What are the options for couples trapped in the nightmare that is snoring? For those with the space, splitting up into separate sleeping quarters is one obvious — but often highly undesirable — solution.
Full disclosure: I snore. Loudly. There, I said it. I am not remotely overweight. I am not male. I exercise. I don't sleep on my back. And I snore. A sleep specialist ruled out sleep apnea (a common but serious disorder in which you have one or more pauses in breathing or shallow breaths while you sleep). An allergist blamed my cats and prescribed a steroidal nasal spray, which has helped a little but not enough. Next up I will consult an ear nose and throat doctor (ENT) to see if I have anything structural in my nasal passages, palate or throat that is causing my snoring. But in the meantime, I couldn't resist trying the Sona pillow, which has been approved with 510K medical device status by the FDA. This week is my trial week. After about 20 minutes of wrangling the thing into the correct position I was able to sleep with this pillow and my snoring was somewhat reduced.

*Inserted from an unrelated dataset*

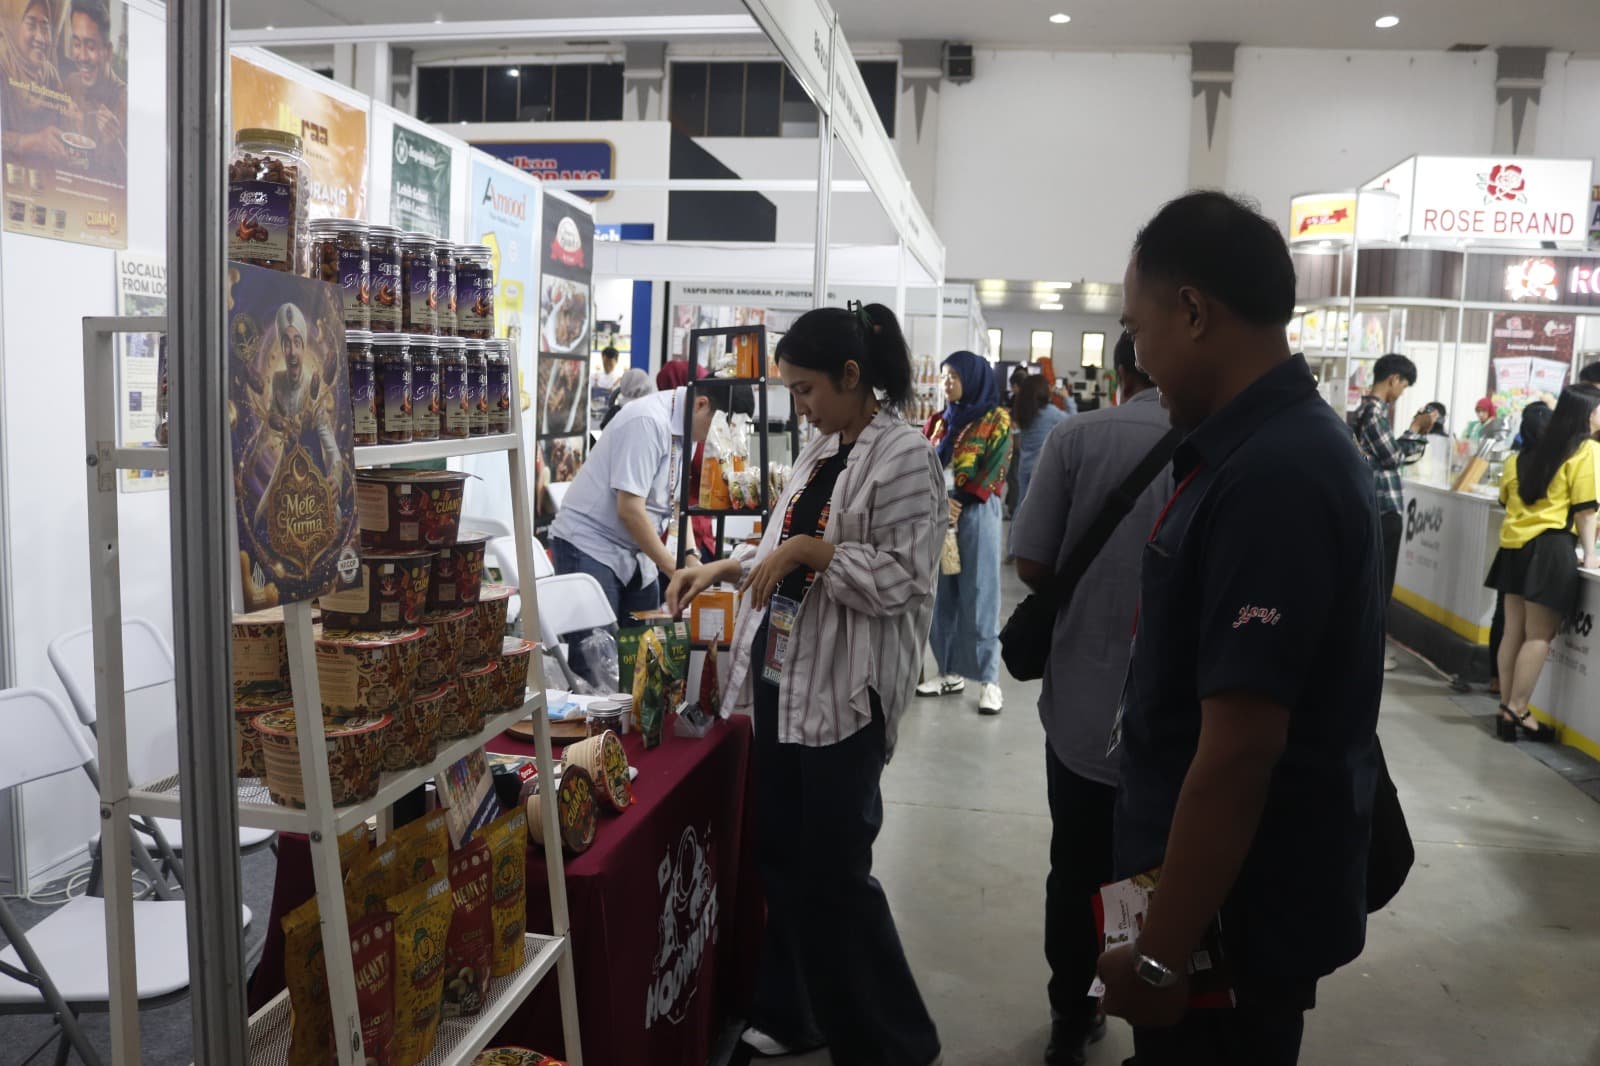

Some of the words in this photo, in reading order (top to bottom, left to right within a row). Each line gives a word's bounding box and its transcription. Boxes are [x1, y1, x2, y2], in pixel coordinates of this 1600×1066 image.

But I will withhold judgment until the week's end.
What are the options for those of us who are tormenting our loved ones with our snoring?
1. Lose weight.
2. Avoid large meals at bed time.
3. Avoid alcohol.
4. Stop smoking.
5. Sleep on your side, not your back.
6. Get evaluated for sleep apnea, which has serious medical consequences and should be treated.

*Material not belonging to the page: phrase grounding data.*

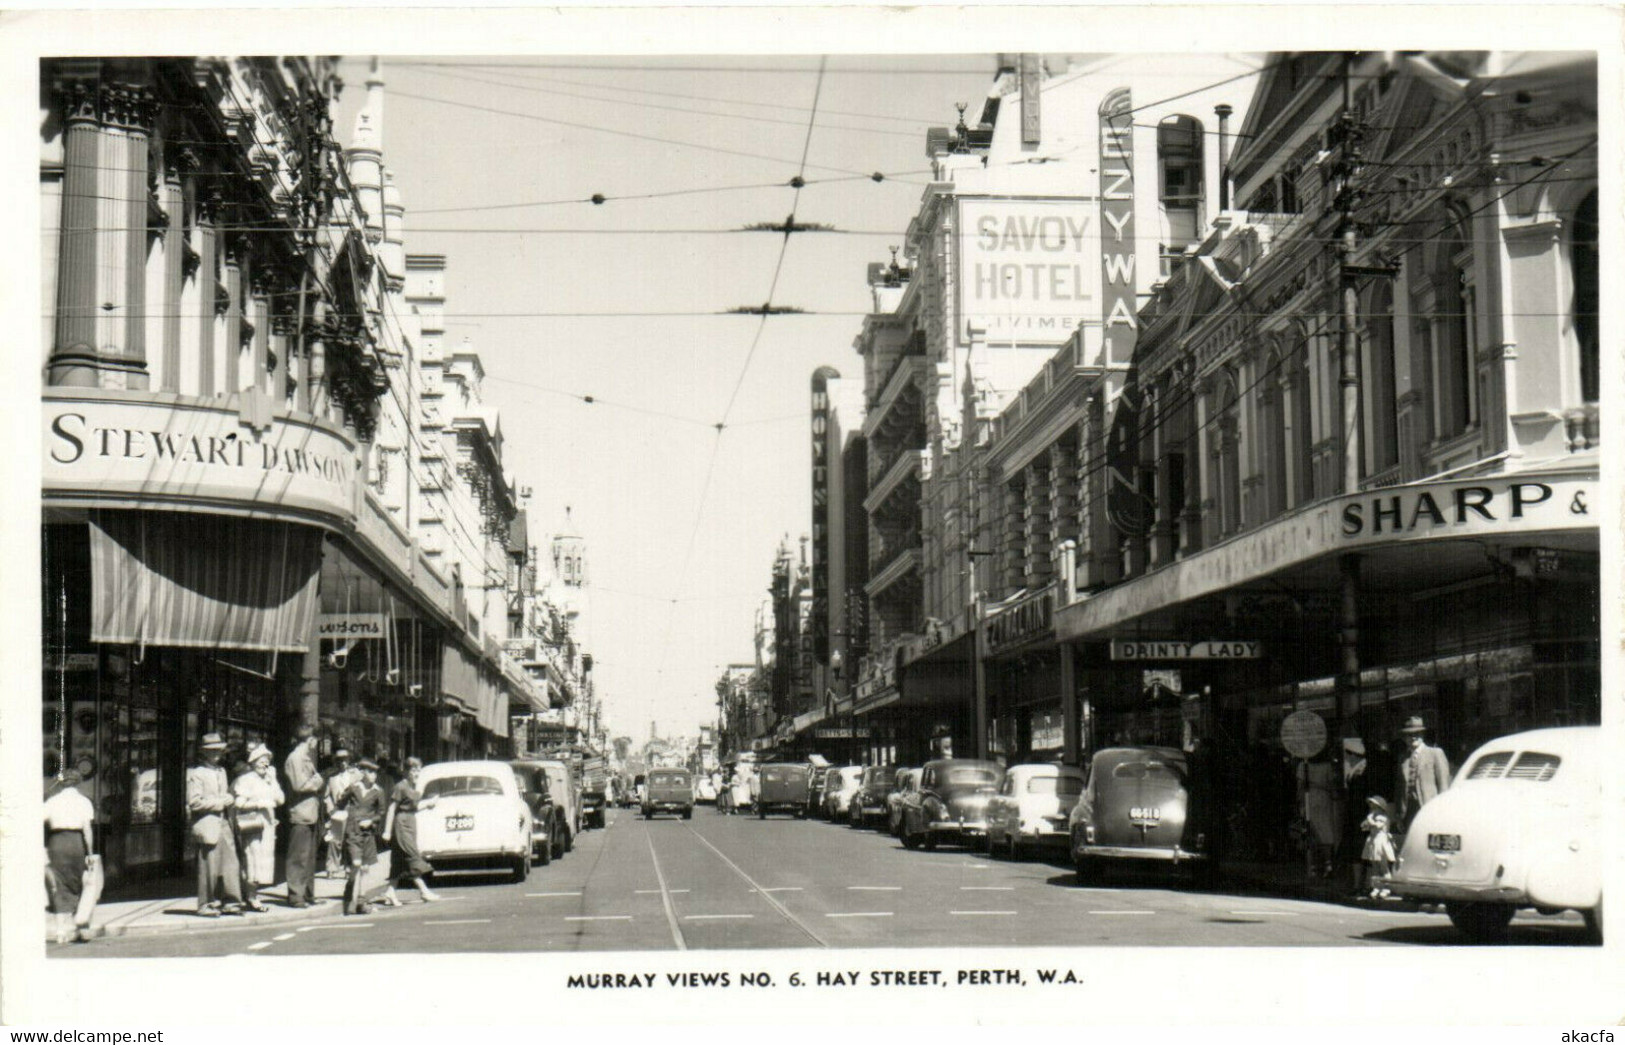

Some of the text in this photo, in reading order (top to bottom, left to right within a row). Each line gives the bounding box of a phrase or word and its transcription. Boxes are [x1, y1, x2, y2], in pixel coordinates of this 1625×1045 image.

[977, 215, 1090, 253] SAVOY
[975, 263, 1092, 301] HOTEL
[1102, 126, 1140, 494] EZYWALKIN
[1342, 482, 1552, 536] SHARP
[1570, 490, 1588, 515] &
[1124, 643, 1256, 657] DAINTY LADY

7. Talk to an allergist about nasal spray or allergy medications that may help clear your nasal passages. According to WebMD, sometimes snoring is caused by swelling of the lining of your nose, so steroidal nasal spray may help improve airflow in the nose.
8. Try an ergonomic pillow to position your head and neck for optimal breathing alignment.
9. Consider devices such as nose strips or oral appliances and mouthpieces designed to keep your airways open. But Peter Michaelson, MD, an ENT surgeon told WebMD that these products aren’t likely to help most snorers, because "about 80% of snoring comes from soft palate at the back of the mouth" not from blocked noses. Moreover, he says the consumer "doesn't always know where their snoring is coming from."
Some of these devices include:
A) Nozovent Anti-Snore , which is like a stent for your nasal passages, opening them up to aid in breathing, $9.
B) Snorepin, $23.65.
C) Nasal dilator strips such as Breathe-Right Strips, $12.73.
10. If sleep apnea has been ruled out and none of the above solutions are working, your sleeping partner could try earplugs, headphones, or a white noise machine to drown out the noise.
What do you do to control your snoring or the snoring of the person you sleep with? What has worked? What has not worked?